U.S. Markets Consolidate, Losses Halted


U.S. Markets Consolidate, Losses HaltedUnited States markets closed trading earlier to the downside and another dose of bad news.  Reports have been released by fellow media outlets that the S&P, after its recent cutting of United States debt from AAA to AA+ for the first time in history this past Friday, may look to France.

However, some analysts suggest that France is proactive in tackling debt-related problems, and even some S&P representatives will state as such.  But nonetheless, the United States market is globally tied around the world as investors funnel cash from one exchange to another.  Global markets on the downturn, austerity fears still surround some European nations, all cause global detriment.

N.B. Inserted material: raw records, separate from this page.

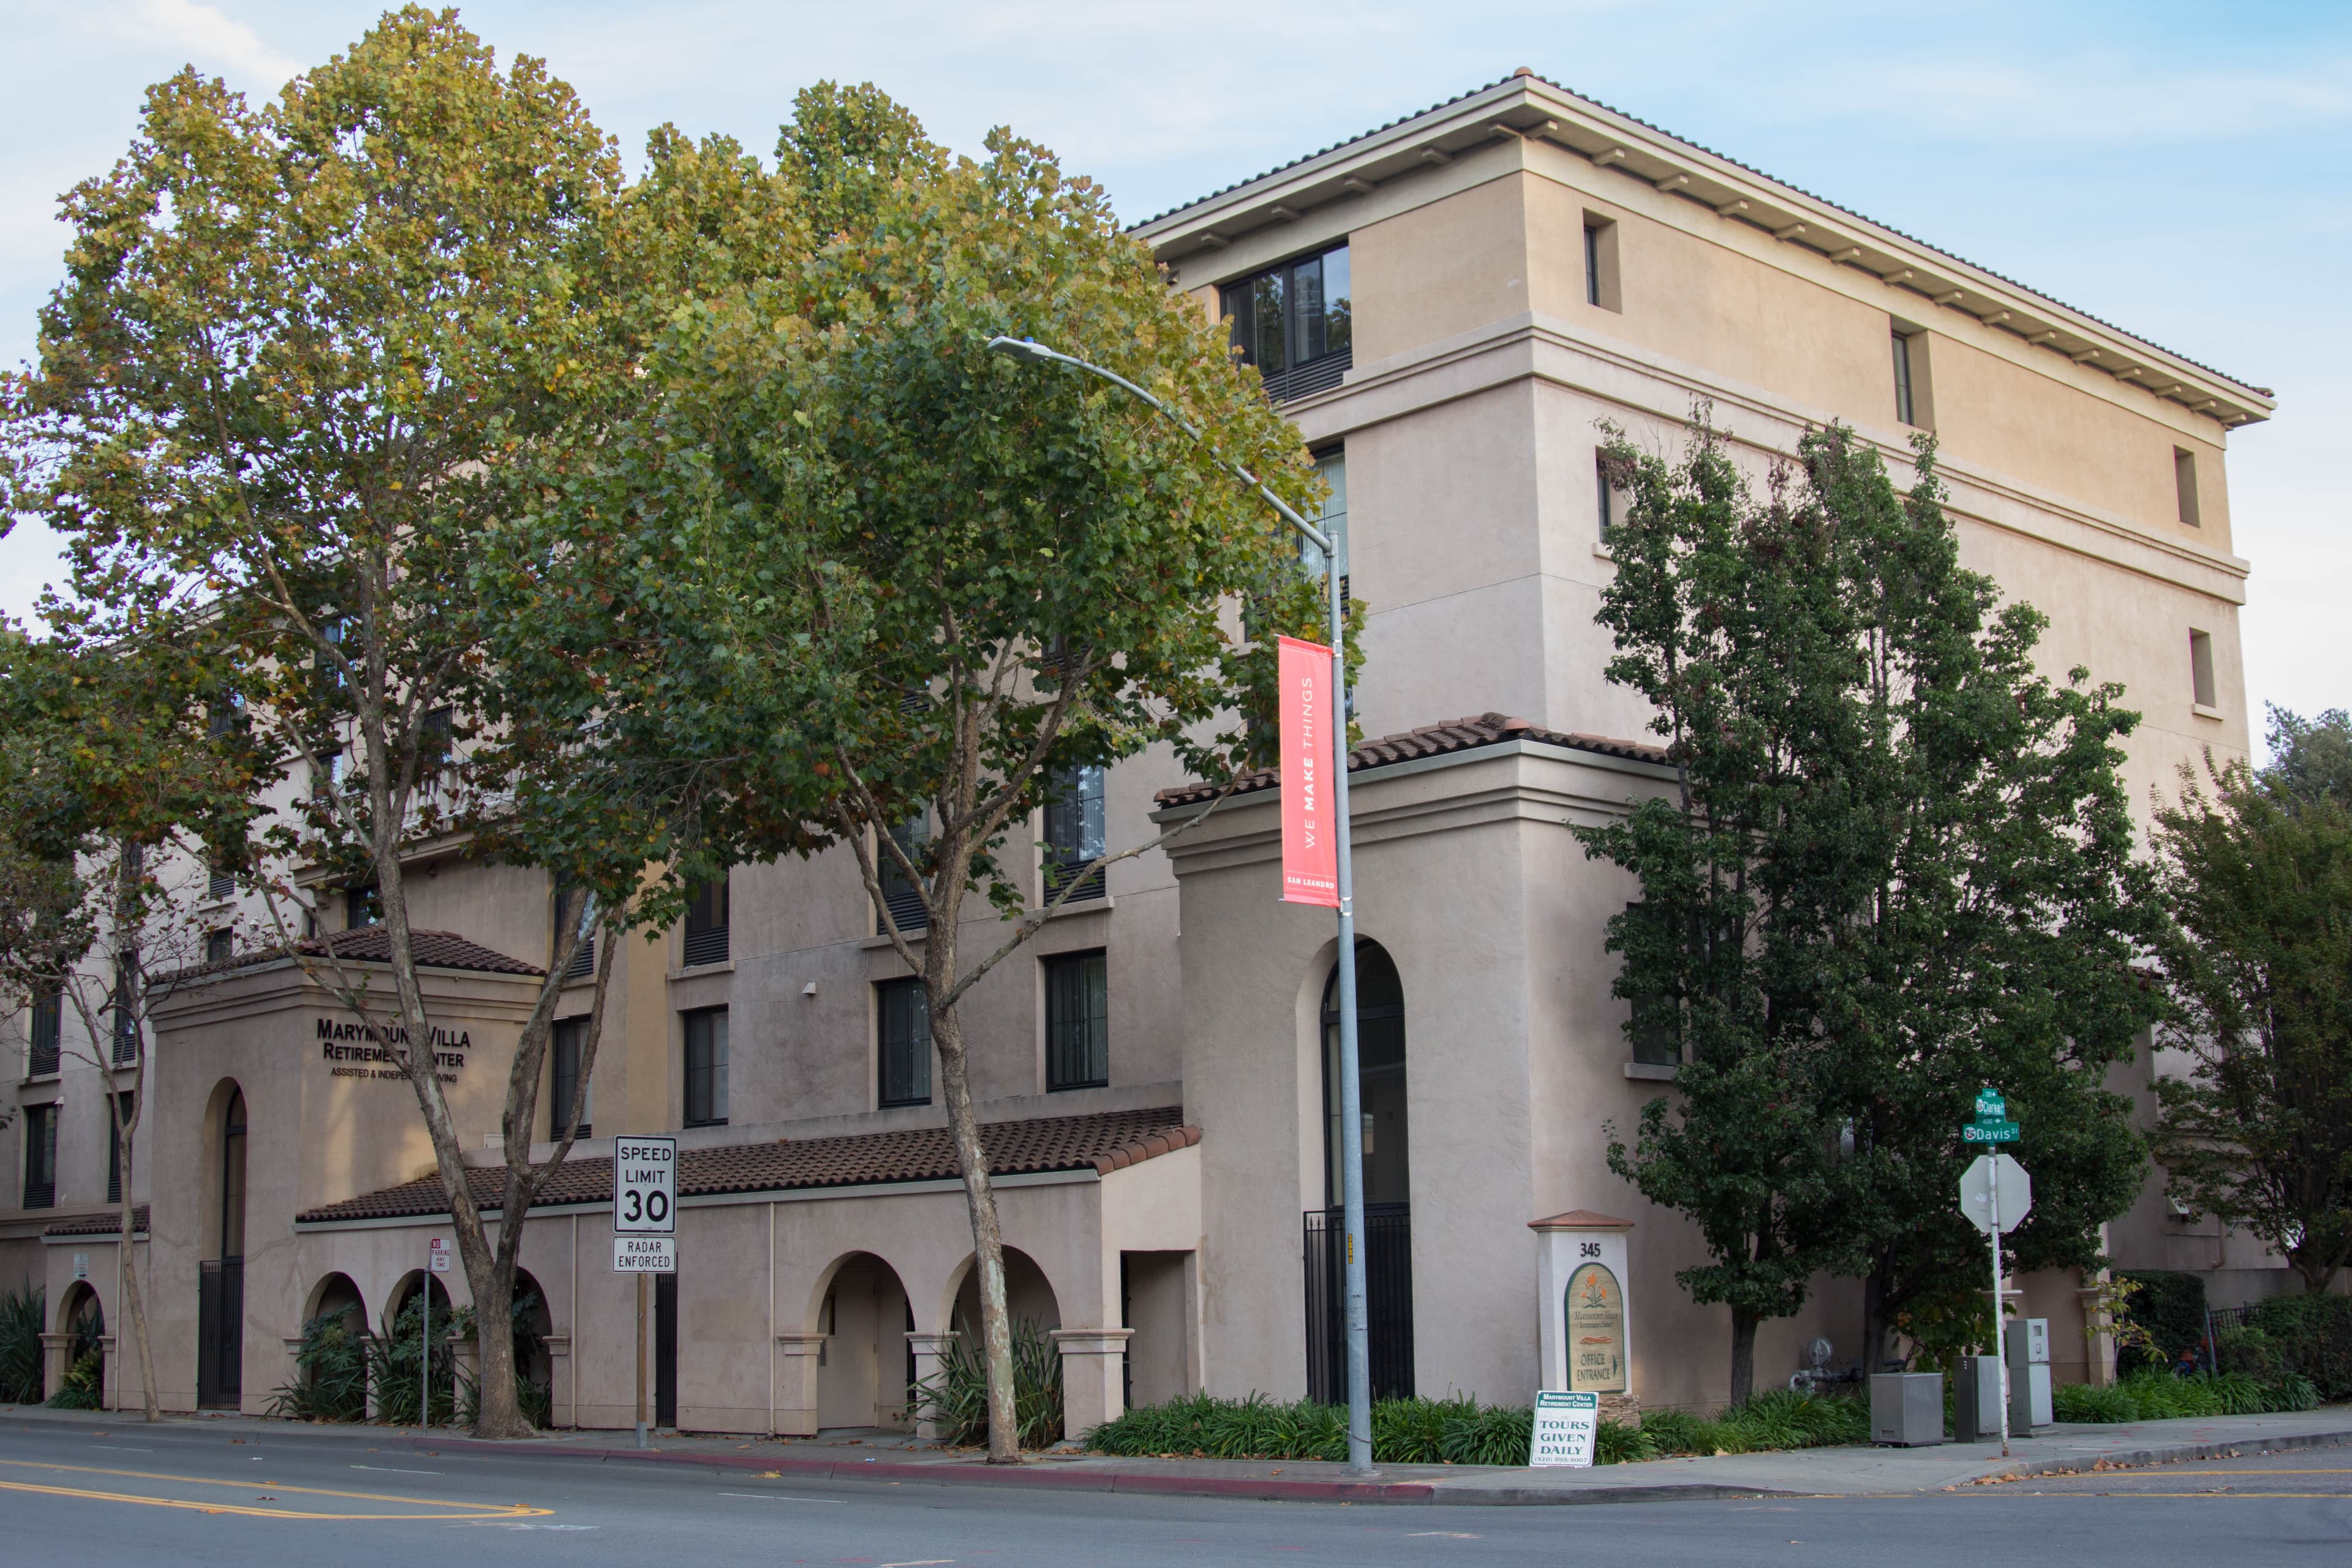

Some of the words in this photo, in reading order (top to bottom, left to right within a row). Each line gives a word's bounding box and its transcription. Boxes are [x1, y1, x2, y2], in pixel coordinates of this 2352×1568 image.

[1302, 677, 1313, 749] THINGS
[1303, 758, 1314, 810] MAKE
[1305, 820, 1315, 848] WE
[1303, 879, 1334, 889] LEANDRO
[323, 1042, 407, 1063] RETIREMET
[331, 1068, 369, 1078] ASSISTED
[1983, 1101, 2001, 1114] Clarke
[1977, 1128, 2010, 1140] Davis
[620, 1147, 671, 1161] SPEED
[626, 1169, 665, 1183] LIMIT
[624, 1189, 668, 1223] 30
[628, 1242, 662, 1253] RADAR
[1580, 1242, 1601, 1257] 345
[619, 1256, 670, 1267] ENFORCED
[1580, 1353, 1605, 1366] OFFICE
[1577, 1368, 1611, 1382] ENTRANCE
[1540, 1420, 1589, 1430] TOURS
[1540, 1433, 1586, 1442] GIVEN
[1540, 1446, 1583, 1455] DAILY
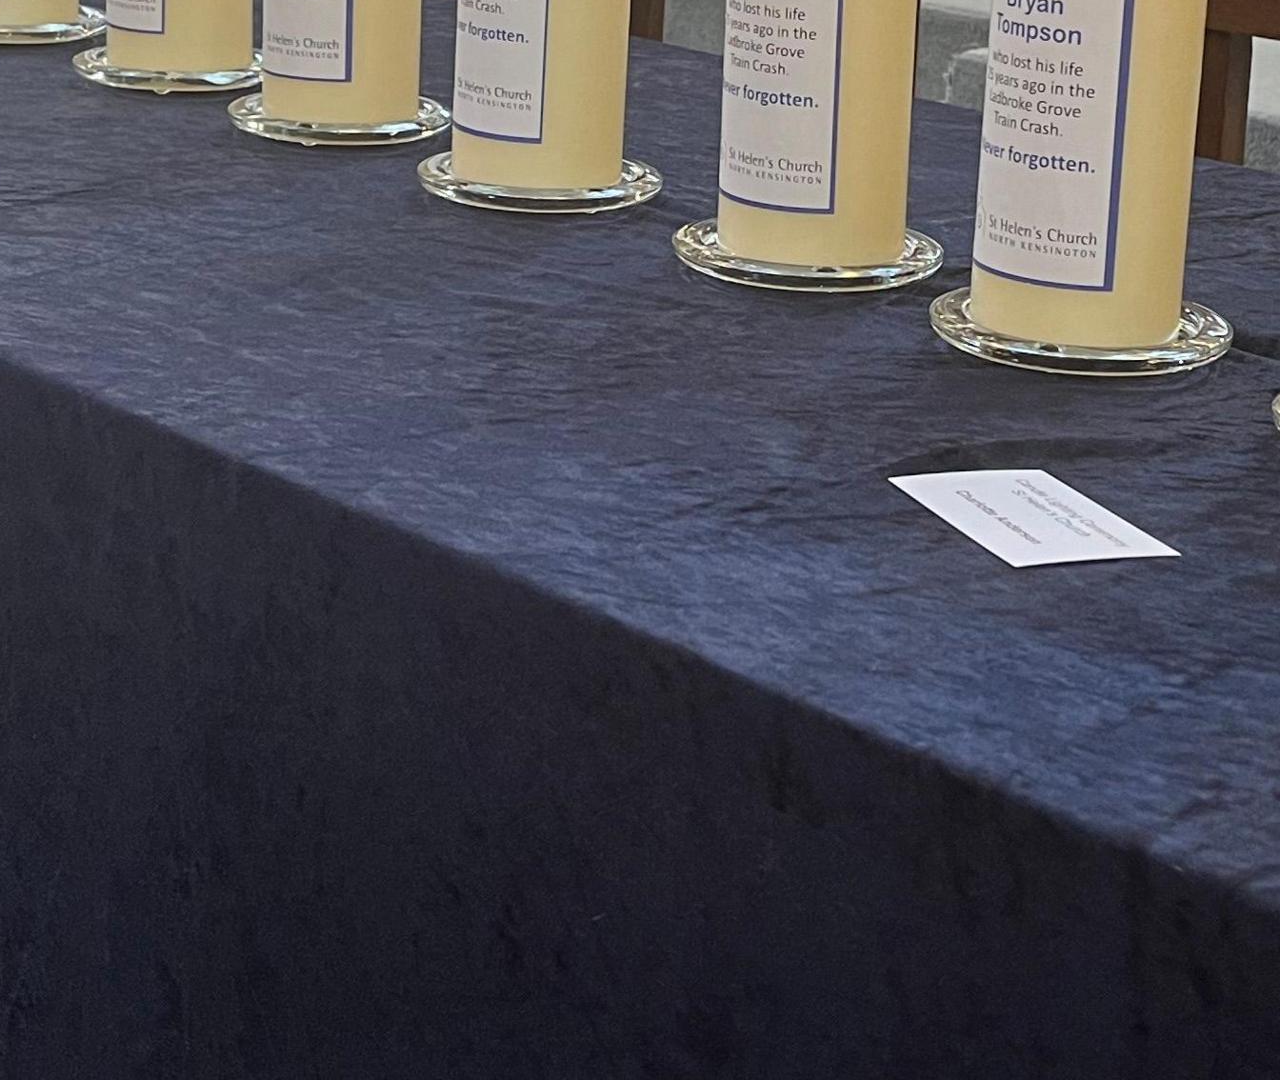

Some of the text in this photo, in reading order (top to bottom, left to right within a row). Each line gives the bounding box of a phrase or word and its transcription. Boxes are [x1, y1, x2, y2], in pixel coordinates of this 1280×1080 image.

[475, 0, 505, 15] Crash.
[743, 0, 760, 16] lost
[764, 2, 781, 19] his
[785, 7, 806, 21] life
[468, 21, 529, 44] forgotten.
[753, 24, 774, 38] ago
[778, 25, 789, 38] in
[794, 27, 817, 41] the
[996, 11, 1082, 45] Tompson
[303, 38, 340, 50] Church
[765, 43, 806, 59] Grove
[752, 59, 790, 76] Crash.
[1011, 54, 1031, 71] lost
[1035, 58, 1055, 74] his
[1060, 61, 1084, 77] life
[494, 87, 532, 102] Church
[743, 84, 819, 108] forgotten.
[1022, 79, 1047, 95] ago
[1050, 81, 1064, 96] in
[1069, 83, 1096, 99] the
[476, 98, 532, 112] KENSINGTON
[1036, 100, 1082, 119] Grove
[993, 110, 1064, 138] Train Crash.
[738, 149, 773, 169] Helen's
[778, 158, 823, 173] Church
[1008, 145, 1096, 174] forgotten.
[755, 169, 822, 185] KENSINGTON
[988, 214, 1097, 246] St Helen's Church
[1021, 240, 1097, 259] KENSINGTON
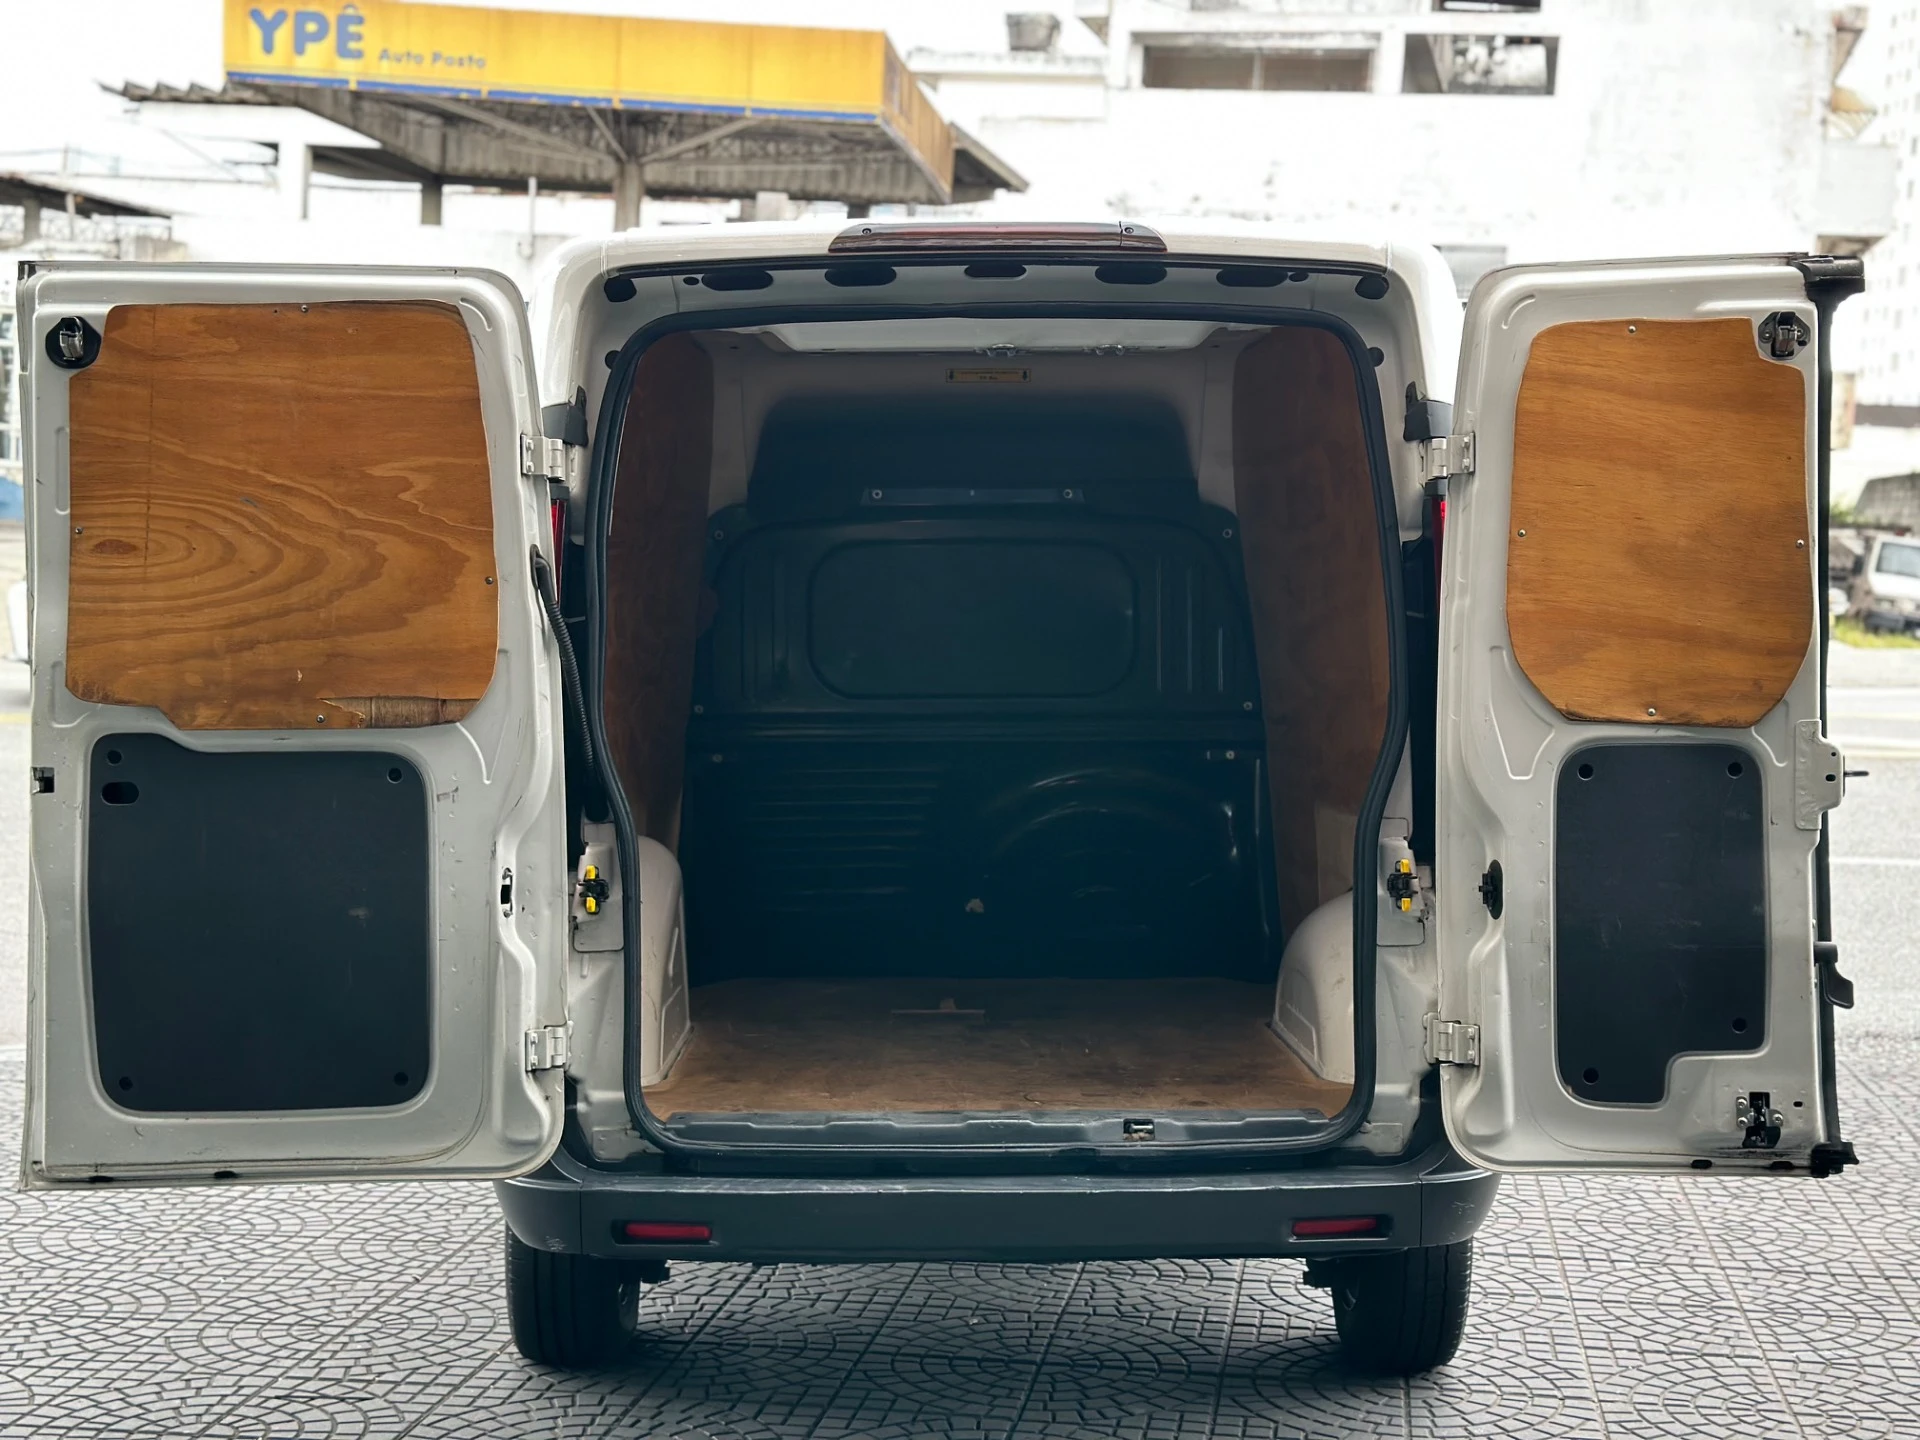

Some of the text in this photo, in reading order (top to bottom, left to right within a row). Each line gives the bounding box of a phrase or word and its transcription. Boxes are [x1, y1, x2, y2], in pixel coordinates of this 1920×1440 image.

Investors and traders alike are wondering what is the underlying cause of the recent slip in value of U.S. indexes and the stocks that they contain.  It is no secret that news affects stocks, and coupled with sustained volume of bad news which comes hot of the heels of the United States nearly defaulting for the first time ever, it takes a lot to overcome across the board.

The Dow Jones Industrial Average, the S&P 500, and the NASDAQ-100 all closed within bounds of Tuesday’s trading range which means that bearish momentum has finally halted as consolidation takes hold.  Whether there is finally light at the end of the tunnel for investors who have outstanding long-positions is unknown at this time as consolidation currently exists.

But there is one bright note among current market trending characteristics, while today was a down day, at least price action did not dip beneath price levels which were observed yesterday.  It’s a start.